Background

Huntington’s disease (HD) is a fatal genetic neurodegenerative disorder with no effective treatment currently available. Progressive basal ganglia and whole-brain atrophy and concurrent cognitive deterioration are prototypical aspects of HD. However, the specific patterns of brain atrophy underlying cognitive impairment of different severity in HD are poorly understood. The aim of this study was to investigate the specific structural brain correlates of major cognitive deficits in HD and to explore its association with neuropsychological indicators.

Participants

Thirty-five symptomatic early-to-mild HD patients and 15 healthy controls (HC) with available T1-MRI imaging were included in this study.

Methods

In this cross-sectional study, HD patients were classified as patients with (HD-Dem) and without (HD-ND) major cognitive impairment in the range of dementia. This classification was based on previously validated PD-CRS cutoff scores for HD. Differences in brain atrophy across groups were studied by means of grey-matter volume voxel-based morphometry (GMV-VBM) and cortical thickness (Cth). Voxelwise and vertexwise general linear models were used to assess the group comparisons, controlling for the effects of age, sex, education, CAG repeat length and severity of motor symptoms. Clusters surviving p < 0.05 and family-wise error (FWE) correction were considered statistically significant. In order to characterize the impact on cognitive performance of the observed brain differences across groups, GMV and Cth values in the set of significant regions were computed and correlated with specific neuropsychological tests.

Results

All groups had similar sociodemographic profiles, and the HD groups did not significantly differ in terms of CAG repeat length. Compared to HC, both HD groups exhibited significant atrophy in multiple subcortical and parietal brain regions. However, compared to HC and HD-ND groups, HD-Dem patients showed a more prominent pattern of reduced GMV and cortical thinning. Importantly, this thinning was restricted to regions of the parietal-temporal and occipital cortices. Furthermore, these brain alterations were further associated with poorer cognitive performance in tasks assessing frontal-executive and attention domains as well as memory, language and constructional abilities.

Conclusions

Major cognitive impairment in the range of dementia in HD is associated with brain and cognitive alterations exceeding the prototypical frontal-executive deficits commonly recognized in HD. The observed posterior-cortical damage identified by MRI and its association with memory, language, and visuoconstructive dysfunction suggest a strong involvement of extra-striatal atrophy in the onset of severe cognitive dysfunction in HD patients.
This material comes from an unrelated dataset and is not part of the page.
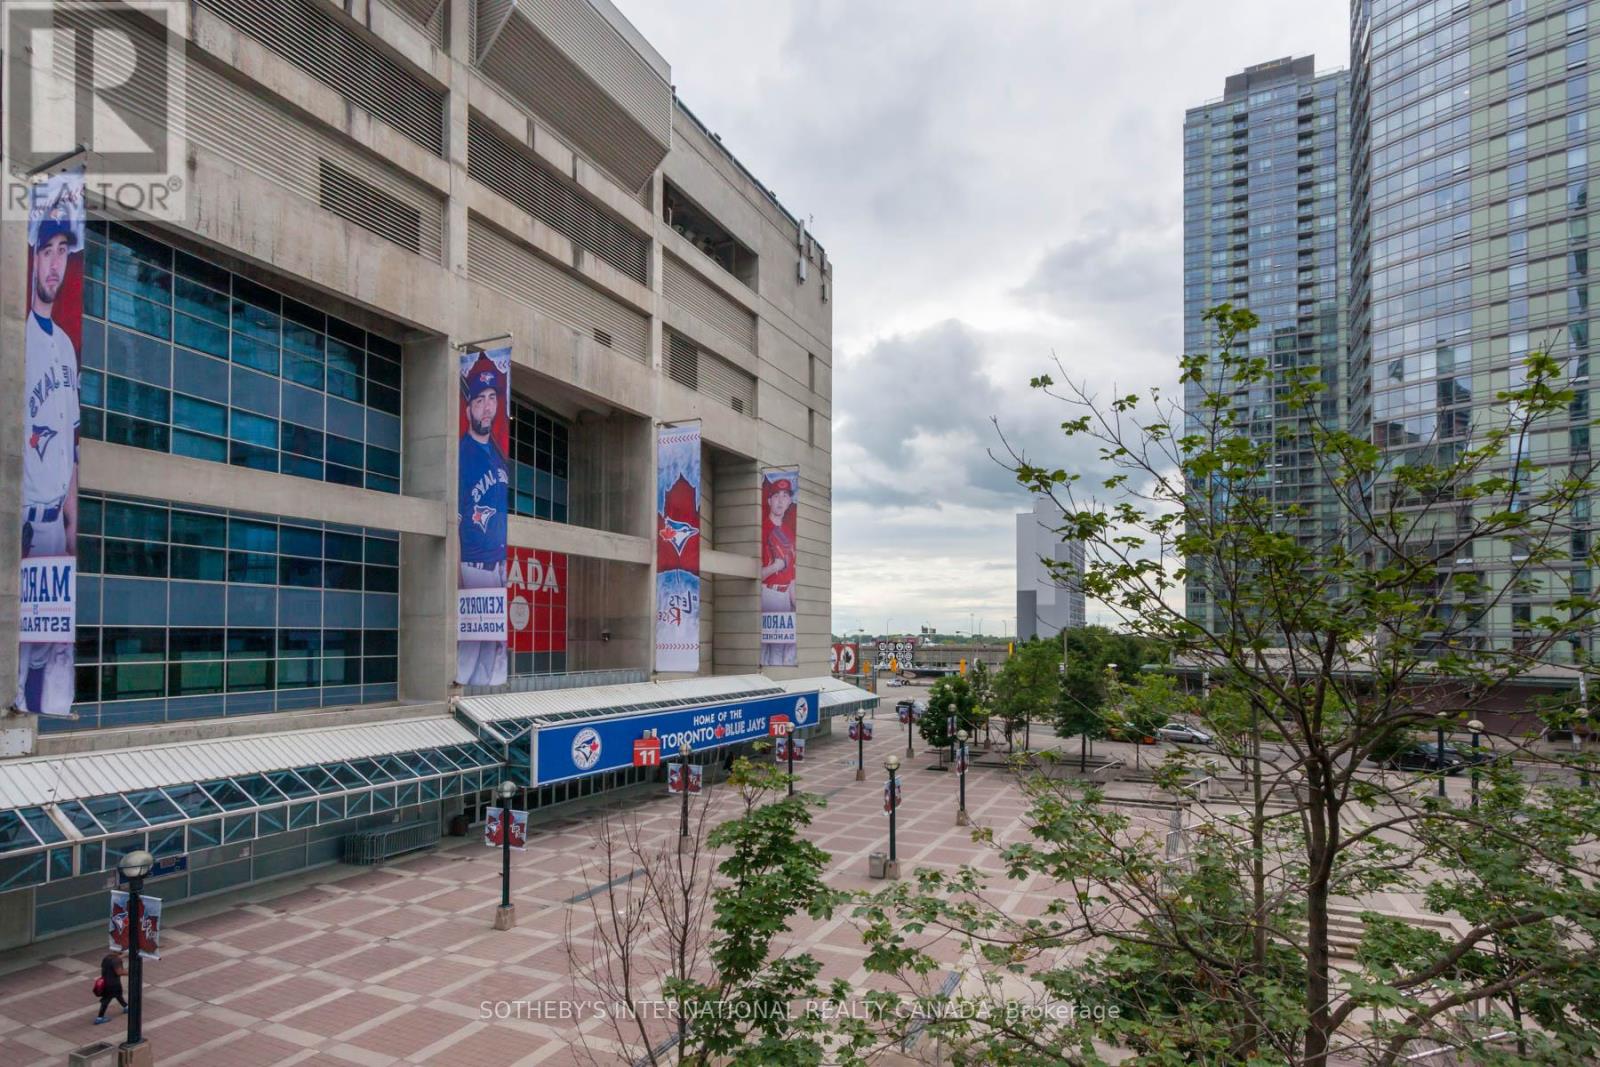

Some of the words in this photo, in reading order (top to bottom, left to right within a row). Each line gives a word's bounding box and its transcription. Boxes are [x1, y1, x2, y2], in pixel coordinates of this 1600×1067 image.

Critically, major cognitive impairment in this sample was not associated with CAG repeat length, age or education. This finding could support a possible involvement of additional neuropathological mechanisms aggravating cognitive deterioration in HD.

中文翻译：

---

亨廷顿舞蹈病痴呆的结构性脑相关性

背景

亨廷顿舞蹈病（HD）是一种致命的遗传性神经退行性疾病，目前尚无有效的治疗方法。进行性基底神经节和全脑萎缩以及并发的认知能力下降是HD的典型特征。然而，人们对HD严重程度不同的认知障碍背后的脑萎缩的具体模式了解甚少。这项研究的目的是调查HD中主要认知缺陷的特定结构性脑相关性，并探讨其与神经心理学指标的关系。

参加者

该研究包括35例有症状的早期至轻度HD患者和15例具有可用T1-MRI成像的健康对照（HC）。

方法

在这项横断面研究中，HD患者被分为痴呆症范围内的（HD-Dem）和无（HD-ND）严重认知障碍的患者。此分类基于先前验证的HD PD-CRS截止评分。通过基于灰质体积体素的形态学（GMV-VBM）和皮质厚度（Cth）研究了各组脑萎缩的差异。使用体素和顶点一般线性模型来评估组比较，以控制年龄，性别，教育程度，CAG重复长度和运动症状严重程度的影响。生存率p <0.05的聚类和家庭误差校正（FWE）被认为具有统计学意义。为了表征观察到的各组大脑差异对认知能力的影响，

结果

所有组的社会人口统计学特征相似，HD组的CAG重复长度没有显着差异。与HC相比，两个HD组在多个皮质下和顶叶脑区域均表现出明显的萎缩。但是，与HC和HD-ND组相比，HD-Dem患者表现出更明显的GMV减少和皮质变薄的模式。重要的是，这种变薄仅限于顶颞叶和枕叶皮质区域。此外，这些大脑的改变还与评估额执行区和注意力区以及记忆，语言和建构能力的任务中较差的认知表现有关。

结论

HD痴呆患者的主要认知障碍与脑部和认知改变有关，超出了HD常见的典型额叶执行力缺陷。MRI所观察到的后皮质损伤及其与记忆，语言和内脏功能障碍的关系表明，纹状体外萎缩严重参与了HD患者的严重认知功能障碍。至关重要的是，该样本中的主要认知障碍与CAG重复长度，年龄或受教育程度无关。这一发现可能支持其他神经病理学机制可能加重HD的认知退化。